# TRY IT
Leave the pictures out and return every line below exactly.

Spatial localization data
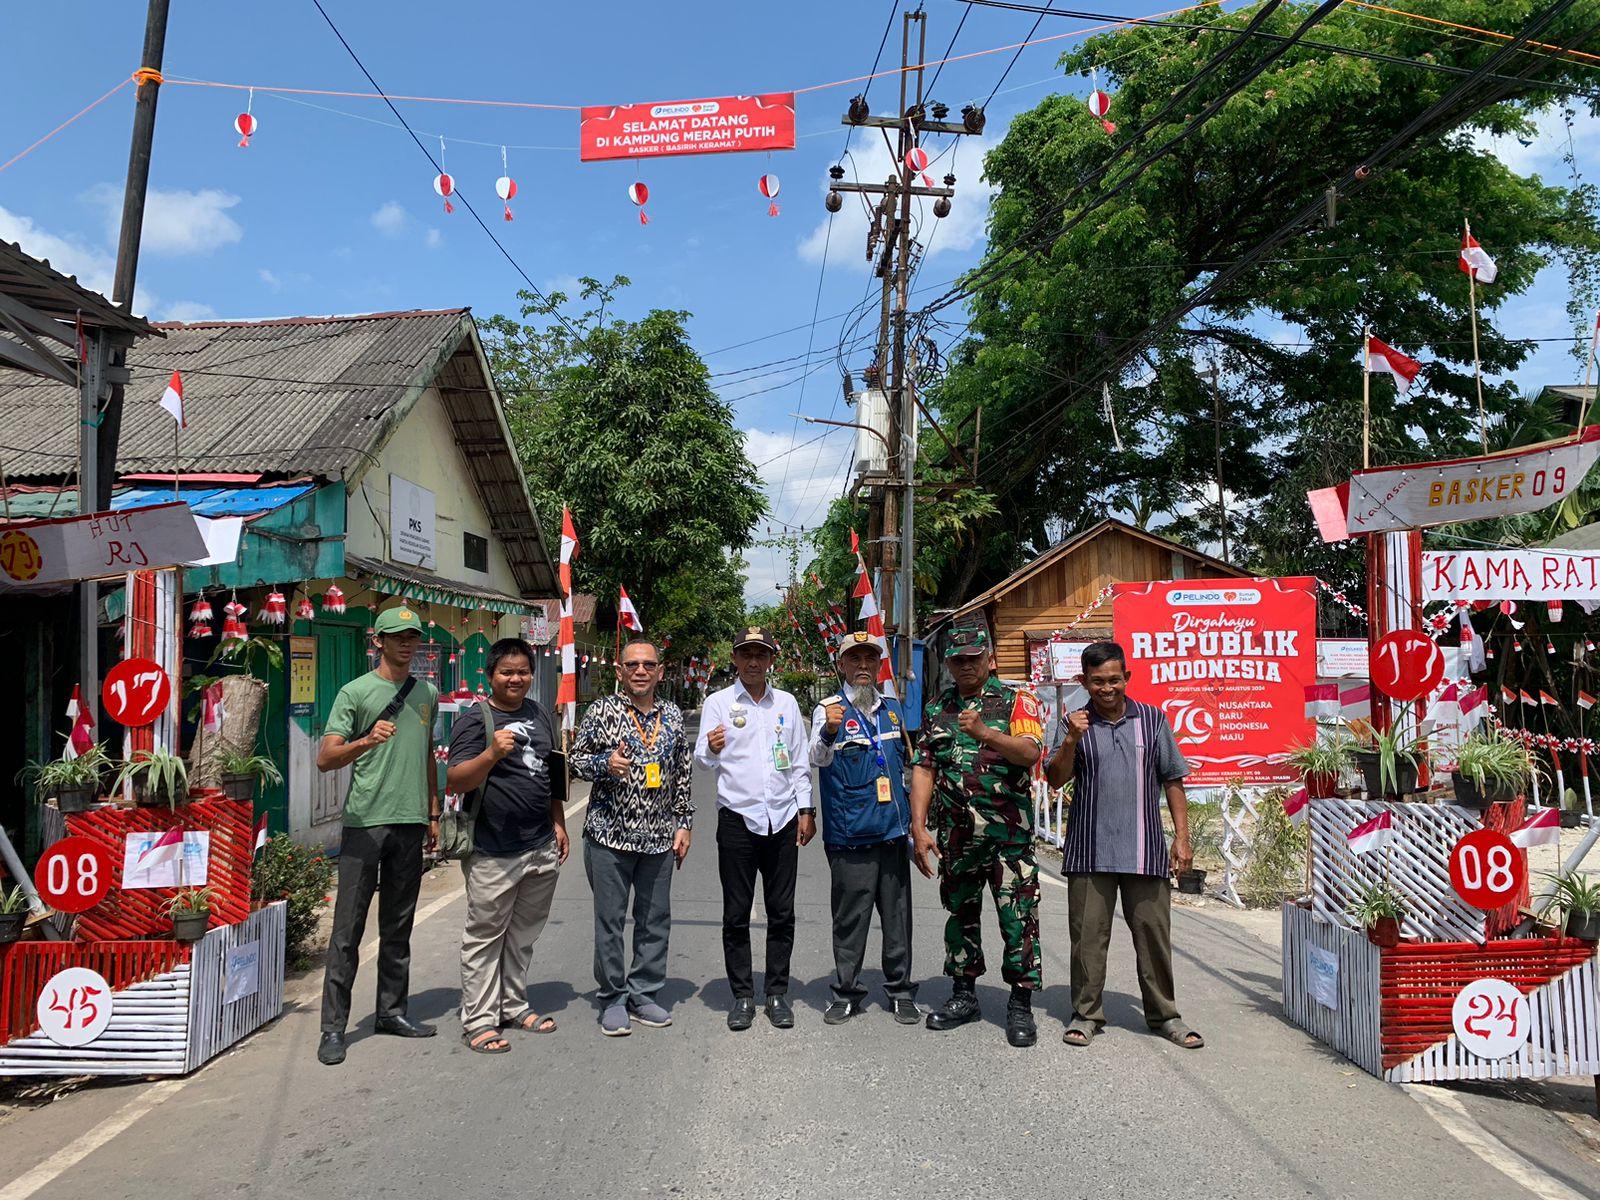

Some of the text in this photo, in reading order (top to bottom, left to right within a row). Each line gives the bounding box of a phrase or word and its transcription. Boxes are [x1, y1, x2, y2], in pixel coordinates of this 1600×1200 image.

[596, 126, 775, 147] DI KAMPUNG MERAH PUTIH
[622, 115, 748, 133] SELAMAT DATANG
[628, 145, 659, 154] BASKER
[699, 141, 736, 150] KERAMAT
[1354, 474, 1416, 525] Kawasan
[1429, 466, 1566, 507] BASKER 09
[88, 514, 132, 539] HUT
[408, 517, 422, 533] PKS
[3, 541, 34, 571] 79
[1183, 593, 1220, 601] PELINDO
[1171, 612, 1256, 633] Dirgahayu
[1131, 630, 1299, 659] REPUBLIK
[1151, 659, 1282, 684] INDONESIA
[1376, 640, 1438, 685] 17
[110, 670, 162, 716] 17
[1219, 701, 1272, 709] NUSANTARA
[1219, 733, 1245, 741] MAJU
[47, 853, 98, 896] 08
[1459, 845, 1513, 892] 08
[49, 985, 102, 1029] 45
[1464, 994, 1519, 1040] 24

# TASK OUTPUT
Some of the text in this photo, in reading order (top to bottom, left to right within a row). Each line gives the bounding box of a phrase or word and its transcription. Boxes are [x1, y1, x2, y2], in pixel coordinates of this 1600×1200 image.

[596, 126, 775, 147] DI KAMPUNG MERAH PUTIH
[622, 115, 748, 133] SELAMAT DATANG
[628, 145, 659, 154] BASKER
[699, 141, 736, 150] KERAMAT
[1354, 474, 1416, 525] Kawasan
[1429, 466, 1566, 507] BASKER 09
[88, 514, 132, 539] HUT
[408, 517, 422, 533] PKS
[3, 541, 34, 571] 79
[1183, 593, 1220, 601] PELINDO
[1171, 612, 1256, 633] Dirgahayu
[1131, 630, 1299, 659] REPUBLIK
[1151, 659, 1282, 684] INDONESIA
[1376, 640, 1438, 685] 17
[110, 670, 162, 716] 17
[1219, 701, 1272, 709] NUSANTARA
[1219, 733, 1245, 741] MAJU
[47, 853, 98, 896] 08
[1459, 845, 1513, 892] 08
[49, 985, 102, 1029] 45
[1464, 994, 1519, 1040] 24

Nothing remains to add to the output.